Can you solve this mini-mystery?

EASY AS 1, 2, 3

By Richard Ciciarelli

Detective Peggy Copleigh looked on as a forensics expert examined the body of the dumpy blonde who lay on the living room floor, her head bashed in by a fireplace poker that lay nearby.

"Who found the body?" she asked.

"Husband," was the terse reply. "In the kitchen." The man jerked a thumb to his right.

Copleigh and her partner, Jim Powers, went in the direction indicated to find a man sitting at a kitchen table, his elbows on the table, his hands holding his head. Three large paper bags filled with groceries took up almost the entire tabletop.

"Mr. White," Copleigh said, "could you tell me what happened, please?"

Tom White lifted his head, dropped his arms to his side, and sat back in his chair.

"I wish I knew," he said. "I went out to do the grocery shopping, as I always do on Friday. When I got back and pulled into the driveway, I noticed the back door was open. I knew something was wrong because Janice is very particular about keeping the doors closed at all times. Keeps the heat in in the winter and out in the summer.

"Anyhow, I came in, put the groceries down, and called out a few times, but there was no answer. I went into the living room and saw her lying there." White choked a little and went on. "I immediately came back in here and called the police." He pointed to a phone on the wall.

"Did your wife have any enemies?"

White shook his head.

"Janice was very opinionated.
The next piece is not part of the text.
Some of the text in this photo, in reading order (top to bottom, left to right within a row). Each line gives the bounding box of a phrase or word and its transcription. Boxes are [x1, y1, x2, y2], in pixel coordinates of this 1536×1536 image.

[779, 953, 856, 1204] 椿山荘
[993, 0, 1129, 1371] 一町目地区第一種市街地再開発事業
She ruffled a lot of feathers. The neighbors disliked her, but not enough to kill her."

"Maybe we should see about that," Copleigh said, and she and Powers went out the kitchen door and into the driveway of the White property.
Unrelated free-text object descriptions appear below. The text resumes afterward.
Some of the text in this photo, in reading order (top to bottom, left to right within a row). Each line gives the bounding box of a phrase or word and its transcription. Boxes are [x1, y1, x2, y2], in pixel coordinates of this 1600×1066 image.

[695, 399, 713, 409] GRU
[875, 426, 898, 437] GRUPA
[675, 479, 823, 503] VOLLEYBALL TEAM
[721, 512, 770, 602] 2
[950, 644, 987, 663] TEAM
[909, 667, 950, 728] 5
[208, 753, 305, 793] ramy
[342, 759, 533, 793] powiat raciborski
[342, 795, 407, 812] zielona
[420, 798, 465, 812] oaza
"Let's start with the neighbor on the left."

A burly man answered the door and looked at the two detectives in confusion.

"Oh, I thought you were the White woman here to collect for another one of her charities."

Copleigh identified herself and explained why they were there.

"I'm Bill Todd. Sorry I was so rude, but that woman was a nut case. She'd sit on her front porch and watch whenever I went shopping. If I came home carrying plastic bags, she'd yell at me for polluting the environment. She was only friendly when she was collecting to save the whales or some rare bird. Then she got mad when I wouldn't donate."

"Did you see anyone go into her house today?"

"Are you kidding? You saw those high bushes she planted in her yard for privacy. They block the whole house."

Copleigh thanked Todd and she and Powers walked to the Whites' neighbors to their right.

"I'm Ron Lewis," the man said in answer to Copleigh's question. "Doesn't surprise me someone killed her. All she did was annoy people."

"Did that include you?"

"Sure. She used to complain all the time about my dog barking at night. I told her she should be happy. He was keeping deer out of her yard away from her precious flowers. Then she'd yell whenever the lawn people came to treat my lawn. Said I was contaminating the watershed. I don't even know what a watershed is.

"Do you know she made her husband mow their lawn with a push mower because motorized mowers put hydrocarbons in the air?" Lewis shook his head. "She was wacky all right."

As the two detectives headed back to the White house, Powers said, "Doesn't sound like there's any motive here. Maybe a stranger broke in thinking the house was empty and killed Mrs. White when he found out he was wrong."

Copleigh shook her head. "I don't think so. I think she knew her killer."